Sunday, November 25, 2012

I did it from my own resources?

Here's another angle for looking at the differences between right and left liberals.

The right liberal parties tend to attract people who get psychological satisfaction from having competed in the market, earned their own money and raised their own family. These people can say "I did it from my own resources, through my talents and hard work. I can therefore count myself a success."

And so the right liberal parties tend to attract successful independent tradesmen, those working in private industry, small business operators, the married and so on.

The left liberal parties are more oriented to those people looking to state welfare as a guarantee of well-being, such as students, single women and pensioners. They also cater for those who use collective power to advance their interests (unionists) and who are therefore less likely to have that right liberal "I did it myself" mindset.

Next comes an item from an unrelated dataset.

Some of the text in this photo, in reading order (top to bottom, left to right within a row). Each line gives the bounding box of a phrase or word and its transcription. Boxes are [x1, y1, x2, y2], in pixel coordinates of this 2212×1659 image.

The left liberal parties also appeal to minority groups by telling them that members of the majority group are not successful because of hard work and talent but because of institutional privilege and by promising the use of state power to transfer wealth and status to minority groups.

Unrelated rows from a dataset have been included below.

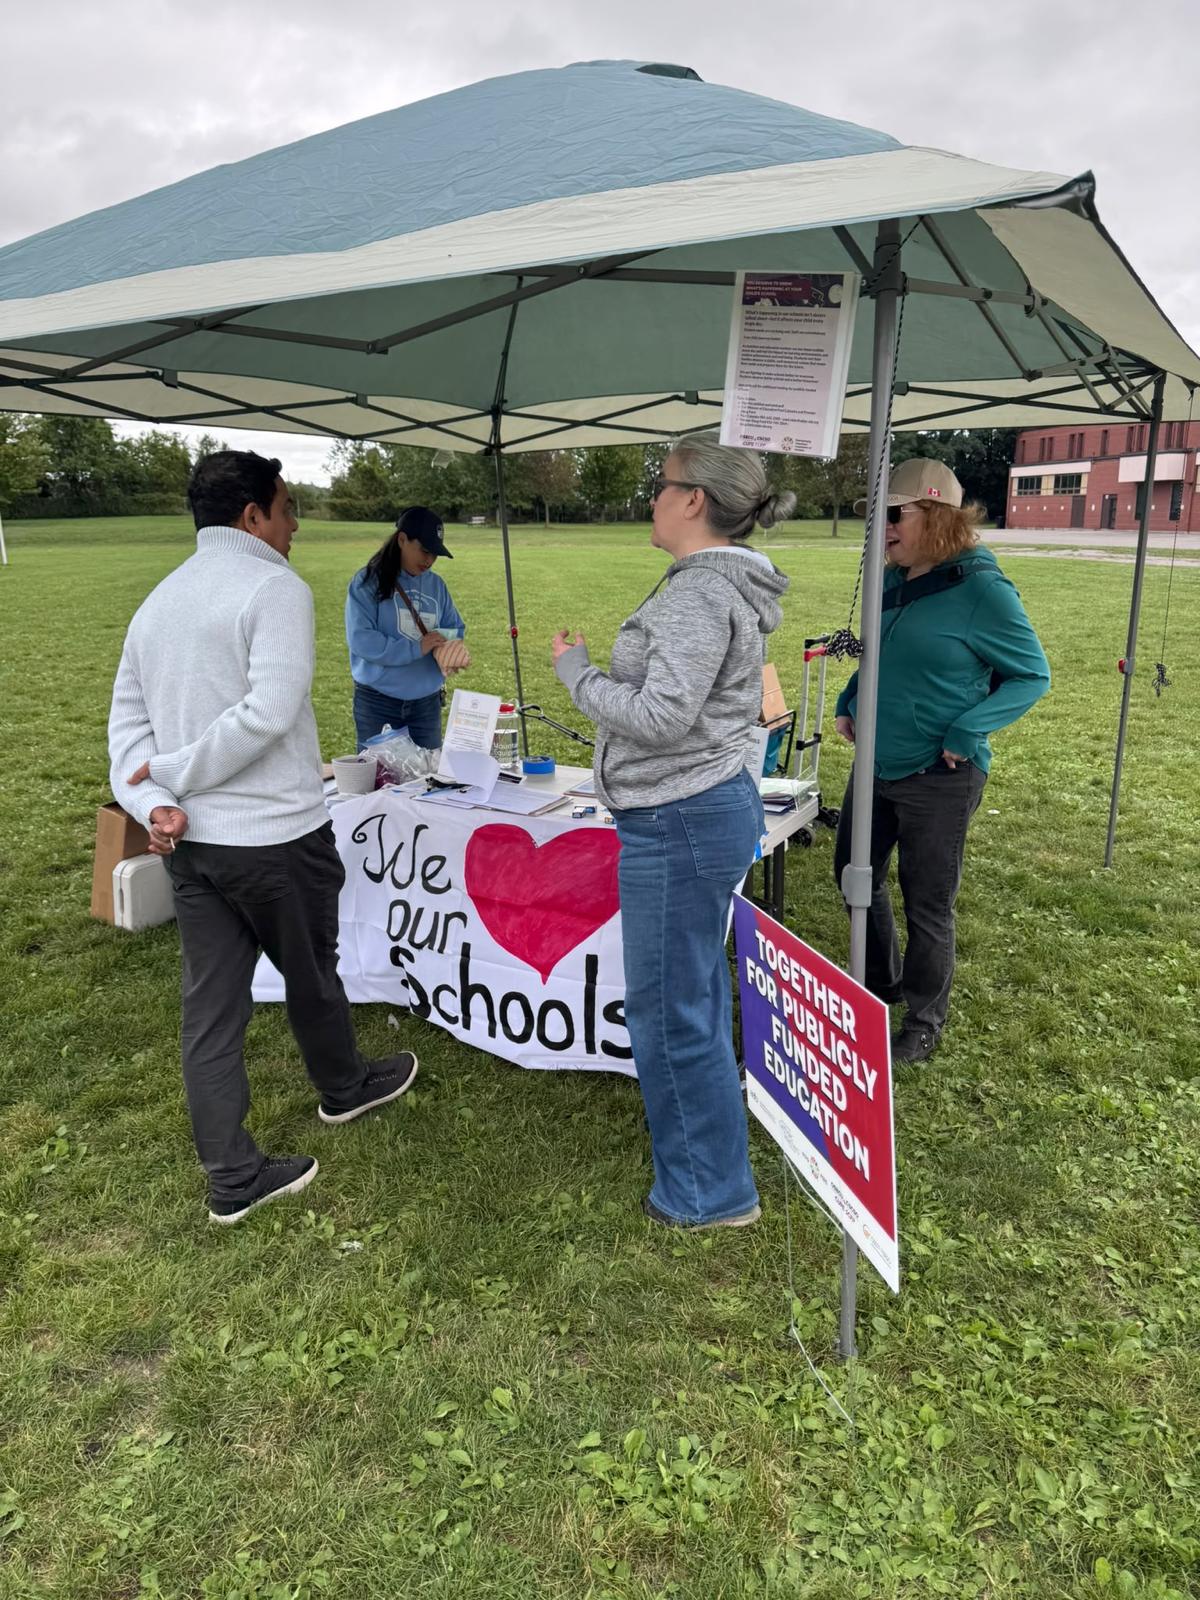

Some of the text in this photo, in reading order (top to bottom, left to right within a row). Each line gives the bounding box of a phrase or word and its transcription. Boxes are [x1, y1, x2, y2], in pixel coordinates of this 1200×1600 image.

[351, 813, 451, 894] We
[386, 899, 468, 954] our
[389, 942, 633, 1060] Schools
[746, 956, 878, 1101] FOR PUBLICLY
[755, 929, 857, 1042] TOGETHER
[763, 1040, 870, 1182] EDUCATION
[771, 1013, 848, 1112] FUNDED

These differences are seen most starkly in the U.S., as in many other places in the West the right-liberal parties have adopted much of the left liberal point of view (someone like Thatcher stands out as an exception).

Obama is clearly on the left of the spectrum. During the recent election he used the "Julia" ad campaign, showing a woman who uses state welfare for support during the course of her life, and he was also criticised on the right for a speech in which he emphasised that people don't succeed through their own efforts and resources:
If you were successful, somebody along the line gave you some help. There was a great teacher somewhere in your life. Somebody helped to create this unbelievable American system that we have that allowed you to thrive. Somebody invested in roads and bridges. If you've got a business—you didn't build that. Somebody else made that happen.

So where do traditionalists stand in all of this? It would be easy for traditionalists to say "Well, we support the right liberal view, in which we think ourselves a success by working hard to earn our own money and raise a family. We reject the left liberal view that white men succeed through institutional privilege (racism and sexism)".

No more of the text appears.